Sebbene il conteggio dei carboidrati sia la strategia alimentare raccomandata per ottenere il controllo glicemico nel tipo 1, la raccomandazione si basava su una revisione narrativa e sulla gradazione delle prove disponibili. Gli autori hanno valutato con revisione sistematica e meta-analisi l'efficacia del conteggio dei carboidrati sul controllo glicemico in adulti e bambini con tipo 1, selezionando studi randomizzati di durata superiore a 3 mesi che confrontassero il conteggio dei carboidrati con consigli alimentari generali o alternativi. L'esito principale era la variazione di HbA1c; i risultati degli studi clinicamente e statisticamente omogenei sono stati aggregati con modello a effetti casuali. Sono stati identificati 7 studi idonei su 311 potenzialmente rilevanti, per 599 adulti e 104 bambini con tipo 1. Il punteggio medio di qualita' degli studi era 7,6 su 13. Complessivamente NON si e' osservato un miglioramento significativo dell'HbA1c col conteggio dei carboidrati rispetto al controllo o alle cure abituali: -0,35% (IC 95% da -0,75 a 0,06; p=0,096). E' stata identificata un'eterogeneita' significativa fra gli studi, potenzialmente legata a differenze nel disegno. Nei cinque studi sugli ADULTI con disegno a gruppi paralleli si osservava invece una riduzione di 0,64 punti percentuali di HbA1c col conteggio dei carboidrati rispetto al controllo (IC 95% da -0,91 a -0,37; p<0,0001). Conclusione: ci sono alcune prove a sostegno della raccomandazione del conteggio dei carboidrati rispetto ad altri consigli o alle cure abituali negli adulti con tipo 1, e servono studi ulteriori.
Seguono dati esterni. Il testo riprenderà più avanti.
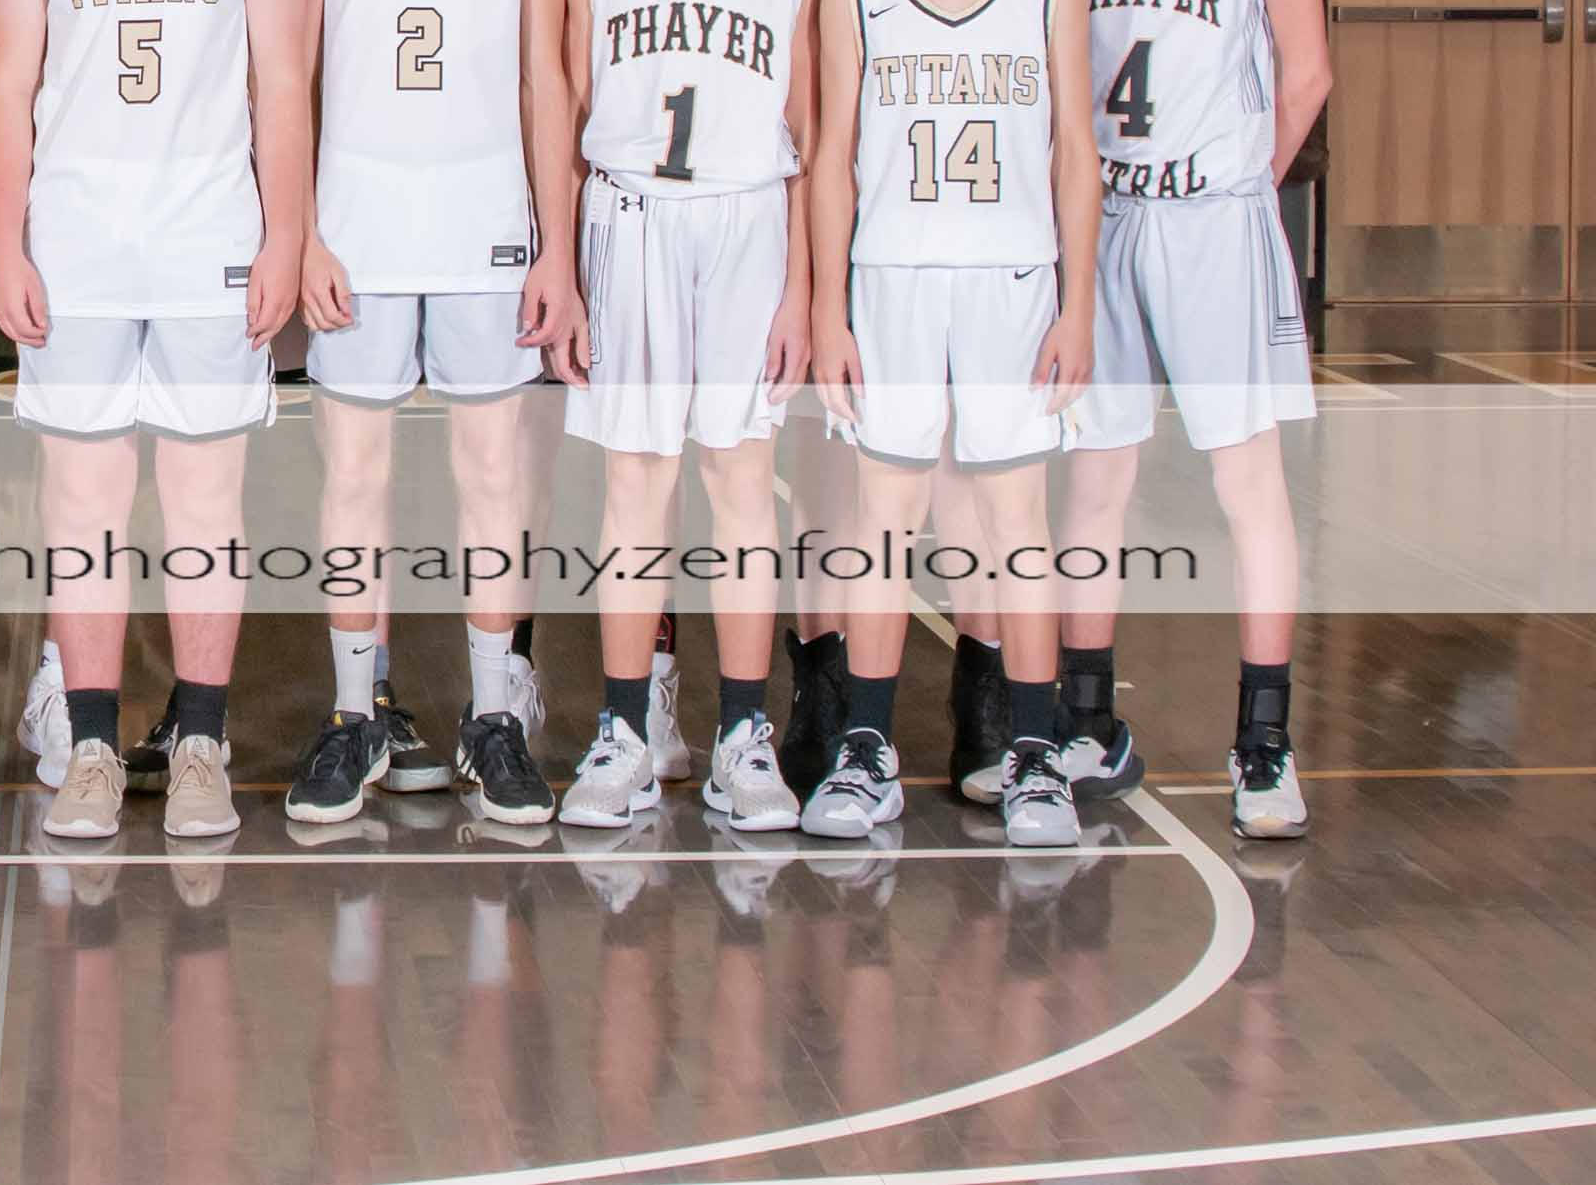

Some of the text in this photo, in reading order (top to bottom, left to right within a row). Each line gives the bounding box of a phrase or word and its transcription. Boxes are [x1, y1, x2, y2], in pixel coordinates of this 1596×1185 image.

La domanda arriva spesso e con un tono preciso: contare e' faticoso, serve? La risposta onesta e' che dipende da dove si guarda, ed e' esattamente la ragione per cui questa scheda vale piu' di un titolo. Il risultato complessivo NON e' significativo — l'intervallo attraversa lo zero e il p e' 0,096. Se ci si fermasse li' si direbbe che non funziona. Ma l'eterogeneita' era alta e aveva una causa individuabile nel disegno degli studi: negli adulti, negli studi a gruppi paralleli, il beneficio c'e' ed e' di 0,64 punti di glicata, cioe' quanto un farmaco. Va detto con la cautela che merita, perche' e' un'analisi di sottogruppo e i sottogruppi sono il posto dove piu' facilmente si trova quello che si cerca; ma qui il sottogruppo era definito dal disegno, non dal risultato, e la direzione e' coerente. Cosa se ne ricava di utilizzabile: il conteggio non e' magia e non e' inutile, e la fatica ha piu' probabilita' di ripagare in un adulto. Sui bambini i numeri sono pochi (104 in tutto) e non consentono di dire granche'. E questa scheda va tenuta insieme all'altra che abbiamo gia' (39064626): quanto si SBAGLIA a contare. Sapere che conta e sapere che si sbaglia sistematicamente non e' contraddittorio — vuol dire che il conteggio va insegnato e ricontrollato, non dato per acquisito perche' qualcuno ha fatto un corso dieci anni fa.